Exercise goal
When duplicating the records beneath this instruction, omit every picture and keep all else exact.

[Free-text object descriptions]
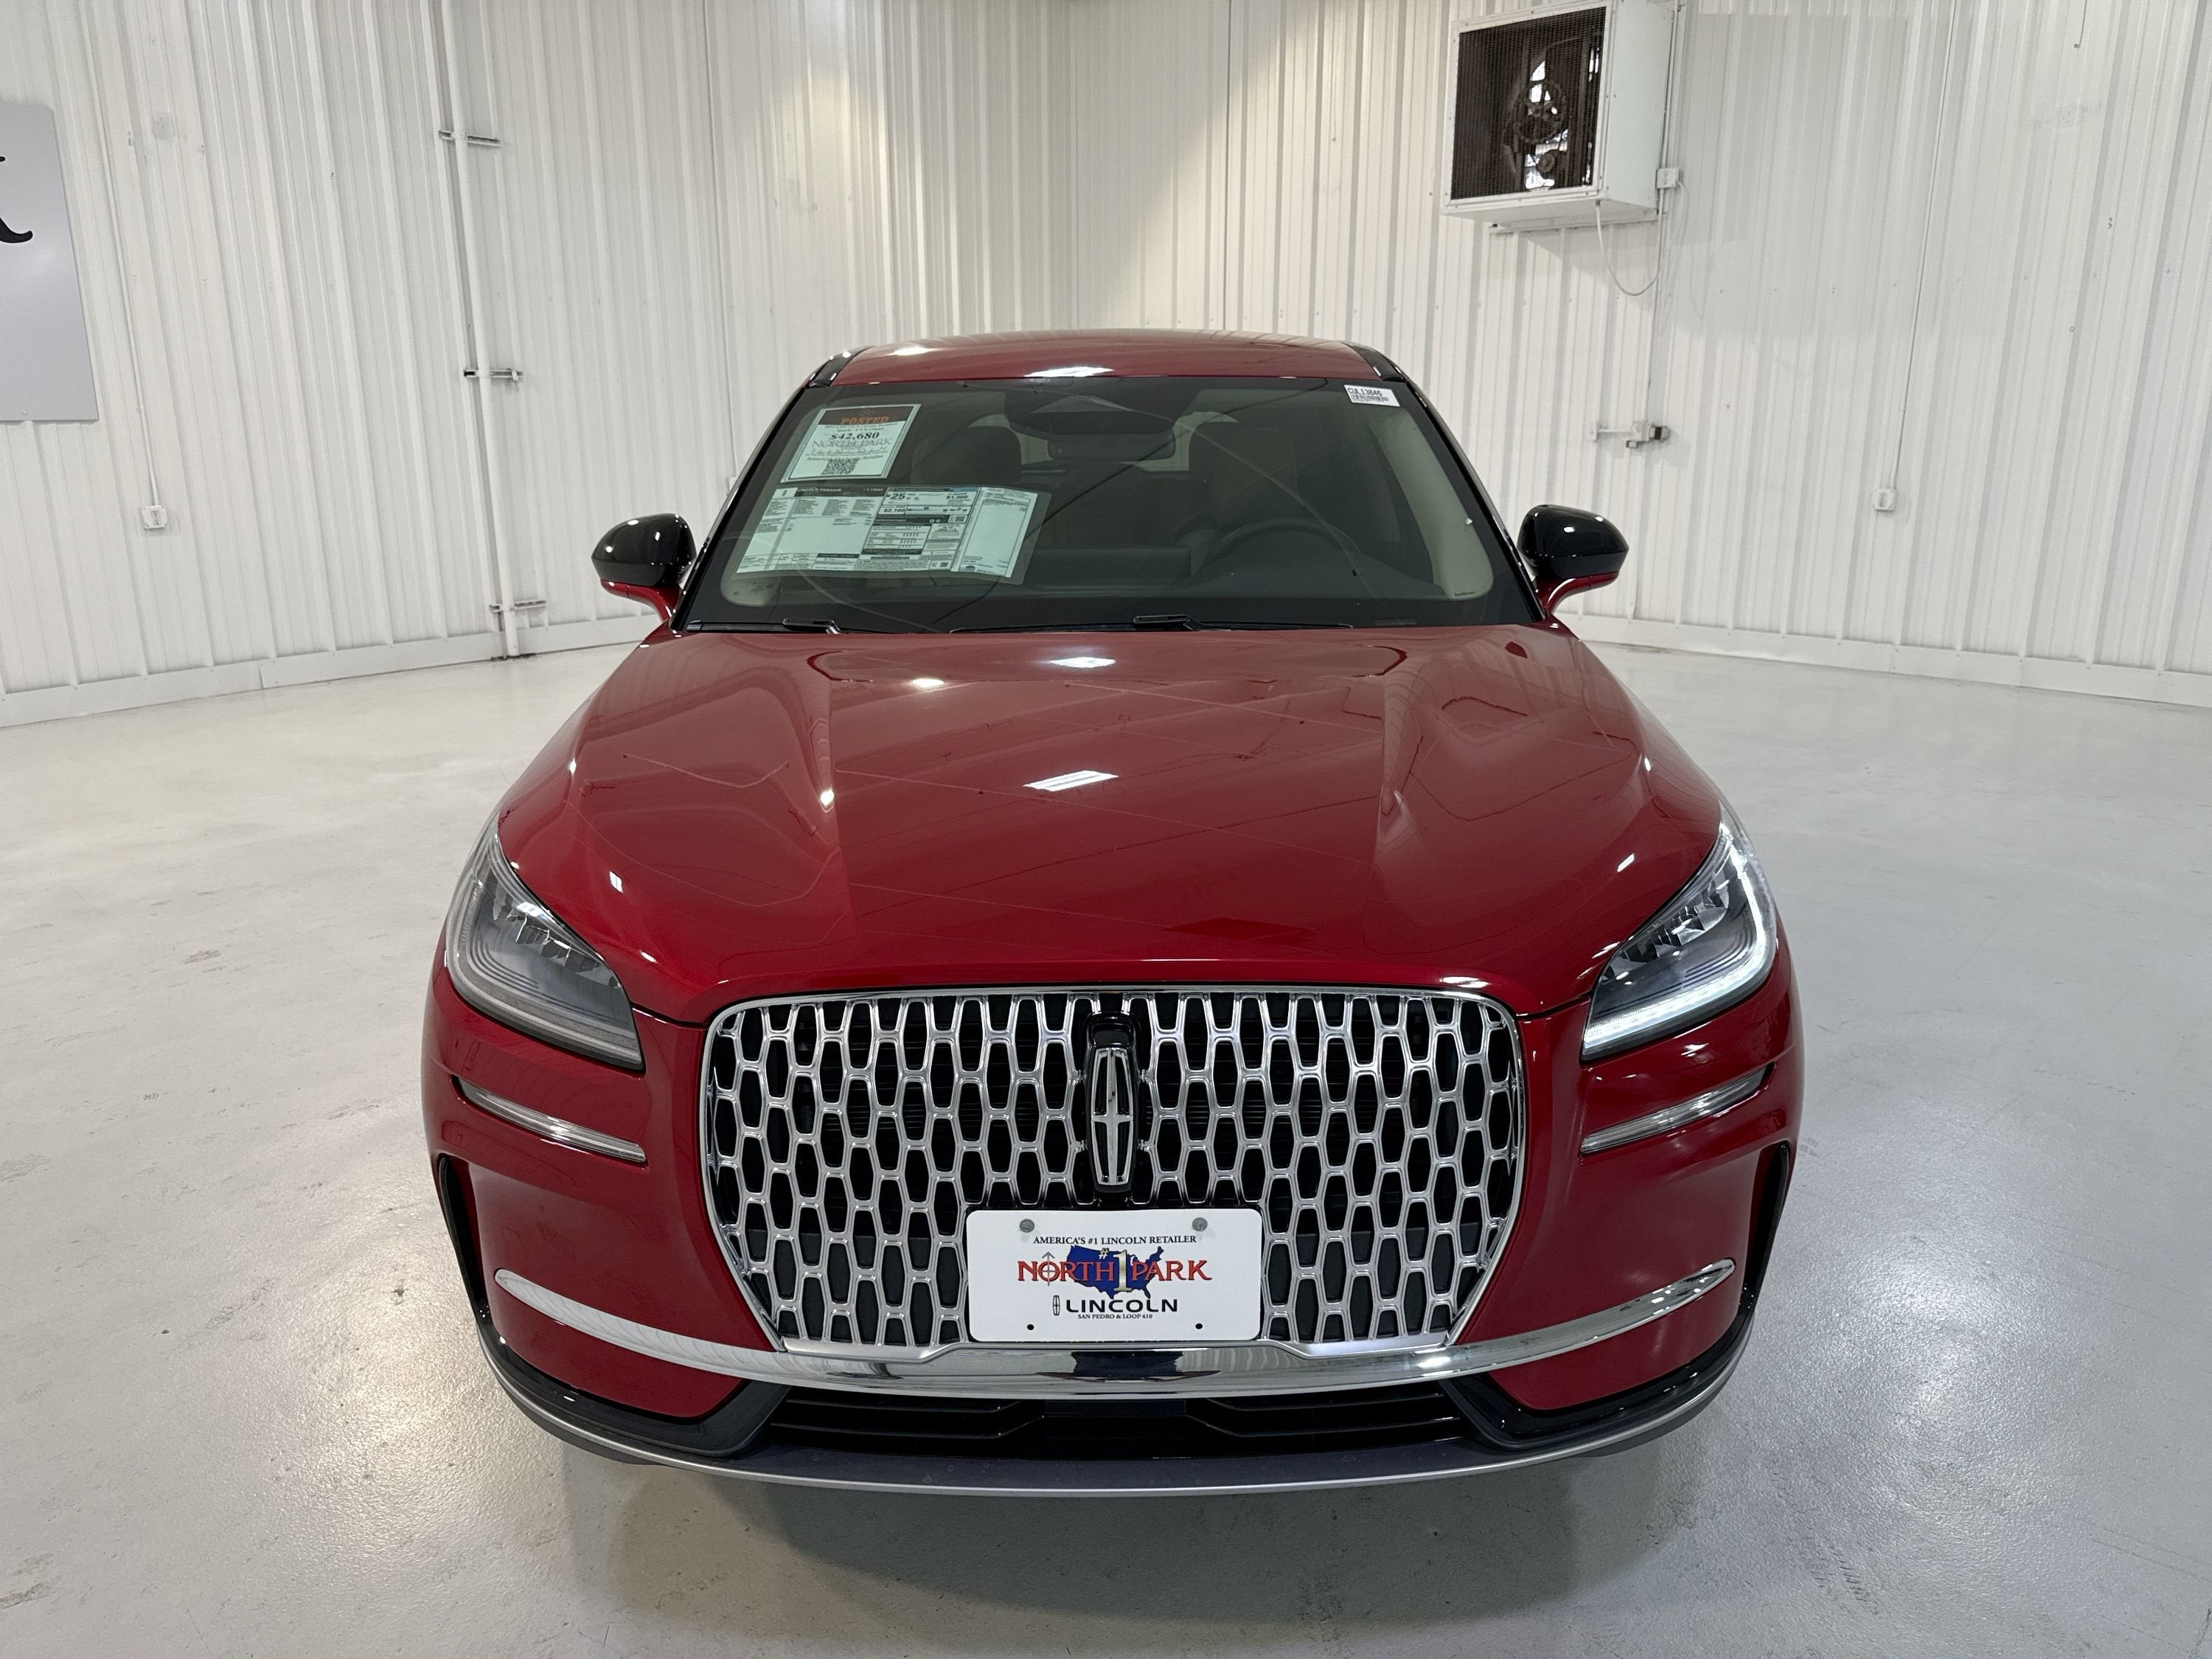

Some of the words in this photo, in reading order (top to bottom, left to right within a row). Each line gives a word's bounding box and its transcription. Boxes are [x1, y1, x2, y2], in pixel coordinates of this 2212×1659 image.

[841, 417, 889, 425] POSTED
[1033, 1237, 1085, 1245] AMERICA'S
[1101, 1237, 1147, 1245] LINCOLN
[1149, 1235, 1197, 1244] RETAILER
[1017, 1260, 1115, 1282] NORTH
[1132, 1259, 1213, 1281] PARK
[1066, 1299, 1178, 1313] LINCOLN

Response to the exercise
Some of the words in this photo, in reading order (top to bottom, left to right within a row). Each line gives a word's bounding box and its transcription. Boxes are [x1, y1, x2, y2], in pixel coordinates of this 2212×1659 image.

[841, 417, 889, 425] POSTED
[1033, 1237, 1085, 1245] AMERICA'S
[1101, 1237, 1147, 1245] LINCOLN
[1149, 1235, 1197, 1244] RETAILER
[1017, 1260, 1115, 1282] NORTH
[1132, 1259, 1213, 1281] PARK
[1066, 1299, 1178, 1313] LINCOLN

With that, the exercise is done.